Mr Tanaka’s railway

My Rough Guide to Japan tells me that the Joetsu Shinkansen from Tokyo to Niigata was the most expensive train track in the world to build. It cost some 6 billion yen per kilometer and about one third of the journey is through tunnels.

Built by LDP pork-barrel legend Tanaka Kakuei, the bullet train line runs through the 1972-1974 PM’s Niigata heartlands. To me it’s a symbol of all Japan hopes to leave behind with the recent election. I was up there earlier this year and took this picture of the late Tanaka’s statue outside Urasa station. The Economist calls him “an astonishingly corrupt politician”.

Tanaka’s railway was less a way to transport Tokyoites to Niigata than a way to funnel government money back to his constituents. He built hulking Shinkansen stations in sleepy rice farming villages which would probably be lucky to see one local train an hour.

The waiting room at Urasa wasn’t exactly packed:

Nor the platform.

Not much work for taxi drivers outside the station.

Some traffic at last!

Have we seen the back of Tanaka style politics? I’m not holding my breath. The first thing I saw on the TV the morning after the election was a beaming Tanaka Makiko, Kakuei’s daughter. She’s now a DPJ politician.

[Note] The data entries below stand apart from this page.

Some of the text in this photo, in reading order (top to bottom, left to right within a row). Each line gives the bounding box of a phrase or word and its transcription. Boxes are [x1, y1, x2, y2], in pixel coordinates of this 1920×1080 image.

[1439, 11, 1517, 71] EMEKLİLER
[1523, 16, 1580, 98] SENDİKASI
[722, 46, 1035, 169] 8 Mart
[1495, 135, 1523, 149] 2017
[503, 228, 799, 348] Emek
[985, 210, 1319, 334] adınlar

Up in Niigata I heard a rumour that she was responsible for the canopy over Tanaka’s statue.

11 Responses to “Mr Tanaka’s railway”

  1. Durf says:

    To be fair, the line does get considerably more traffic on weekends during the ski season. Not nearly enough to make up for the porky aspects of the thing, of course, even with JR East pushing its station-accessible Gala Yuzawa resort as hard as it does each year.

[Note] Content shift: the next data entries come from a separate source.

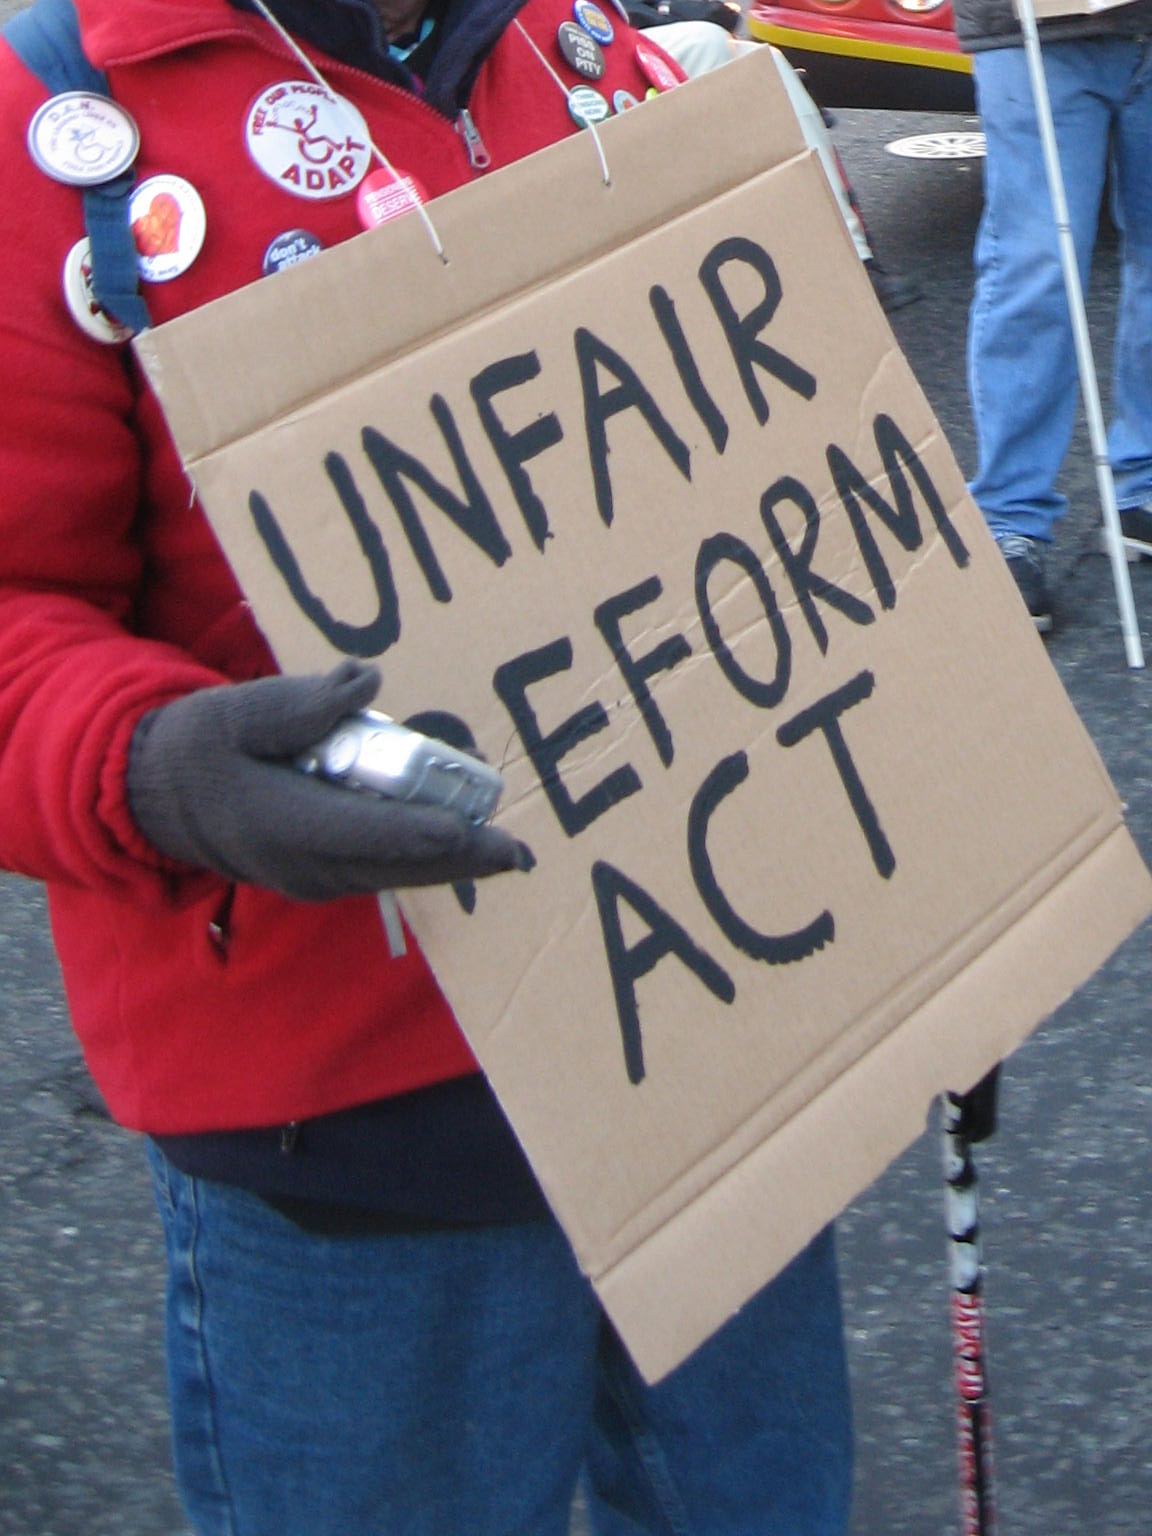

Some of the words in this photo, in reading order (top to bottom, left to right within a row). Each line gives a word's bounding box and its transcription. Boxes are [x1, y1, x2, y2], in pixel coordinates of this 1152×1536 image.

[575, 56, 602, 76] PITY
[281, 135, 366, 191] ADAPT
[270, 237, 307, 262] don't
[248, 236, 818, 658] UNFAIR
[591, 670, 898, 1085] ACT

  2. No great surprise about this: the man known as ‘Tanakasone’ for his being basically a puppet of the previous incumbent, Nakasone… who was [in]famous for his part on the Lockheed Scandal.

  3. Tornadoes28 says:

    That is why Japan has the highest per capita national debt on earth.

  4. Fionnbarr Diamond says:

    I wouldn’t be too hasty about citing Wikipedia. No institution of any merit does.